The SCANA Corporation and Santee Cooper, South Carolina's state-owned electric and water utility, jointly own the V.C. Summer project. The two new reactors were under construction next to an existing nuclear reactor. In order to keep the project afloat, the two utilities appealed to “high White House officials,” according to SCANA's CEO Kevin Marsh. This included Energy Secretary Rick Perry. His answer? No response. It appears even Washington isn't interested in reviving American nuclear power.22

What's wrong with America's nuclear industry? The engineering expertise and the robust supply chains needed to build these plants no longer exist. They've been atrophying for the past 30 years. That's one issue facing today's nuclear projects. Another is the reactor supplier. The Westinghouse Electric Company had been building nuclear reactors for decades. But on March 29, 2017, Westinghouse filed for bankruptcy protection. That was a big nail in the coffin of the V.C. Summer project.

But the biggest nail of all is the overall cost of nuclear power generating plants. They take one or two decades to permit and construct. Even the most ambitious solar and wind projects are permitted and constructed in a year or two. And for tens of billions of dollars less. But the bottom line is the final cost of the energy they produce. Nuclear power, when the costs of the plant, storing the toxic waste it produces, and the operating costs are all taken into account, is the most expensive power source on the planet. There's no question nuclear power served America well for more than half a century.

The disruption of nuclear power is one that utilities didn't see coming. In the case of nuclear (and coal) the disruption is an economic one. Many existing plants are eligible for 20-year extensions from the Nuclear Regulatory Commission. But economics trump license extensions. I wouldn't be a bit surprised if most of our nuclear power plants closed over the next several decades. Expensive nuclear has no place in today's world of cheap, renewable energy. The twenty-first century is going to be one of energy disruption: The “nuclear sunset” and the “rise of renewables” are all part of it.

PJM Interconnection is one of the regional transmission organizations (RTOs). It overlooks the transmission grid that covers most of Delaware, Illinois, Indiana, Kentucky, Maryland, Michigan, New Jersey, North Carolina, Ohio, Pennsylvania, Tennessee, Virginia, West Virginia, and the District of Columbia. PJM is responsible for coordinating the movement of electricity (at the wholesale level) between major markets and the generators tied to the grid serving those markets, and it acts as a referee in a price-competitive market. Ultimately, it's responsible for grid reliability for over 65 million Americans.
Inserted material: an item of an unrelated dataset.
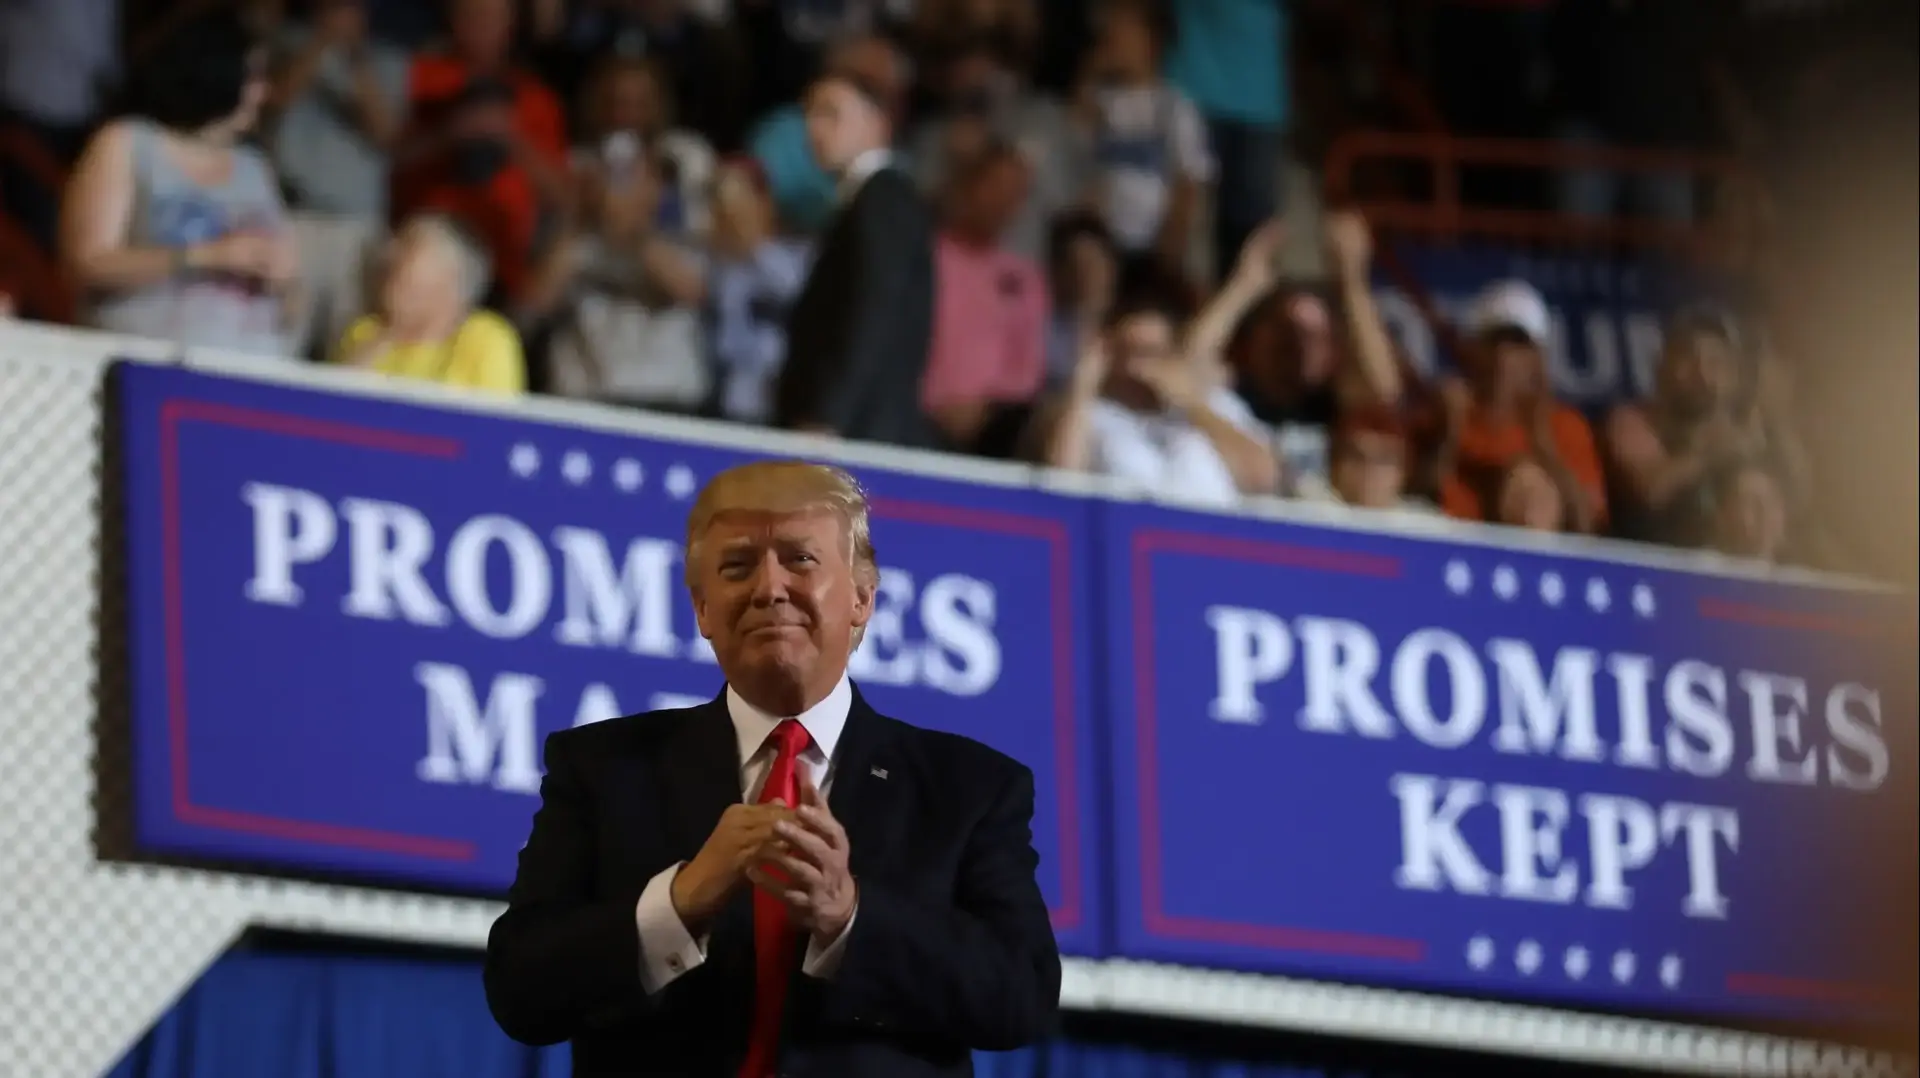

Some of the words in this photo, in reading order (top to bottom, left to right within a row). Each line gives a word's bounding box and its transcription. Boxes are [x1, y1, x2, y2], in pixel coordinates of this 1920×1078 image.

[242, 481, 1001, 695] PROMES
[1205, 604, 1890, 792] PROMISES
[1389, 772, 1739, 919] KEPT
As part of its duties, PJM has to estimate the growth of electrical loads within the aforementioned areas. That has never been an easy task. And for the last decade, PJM has consistently overestimated its summer peak load. Its projections specified that in 2017 load growth was going to increase. But it never materialized. That's a real problem for customers. They're the ones footing the bill me personally, because I live in PJM's coverage area.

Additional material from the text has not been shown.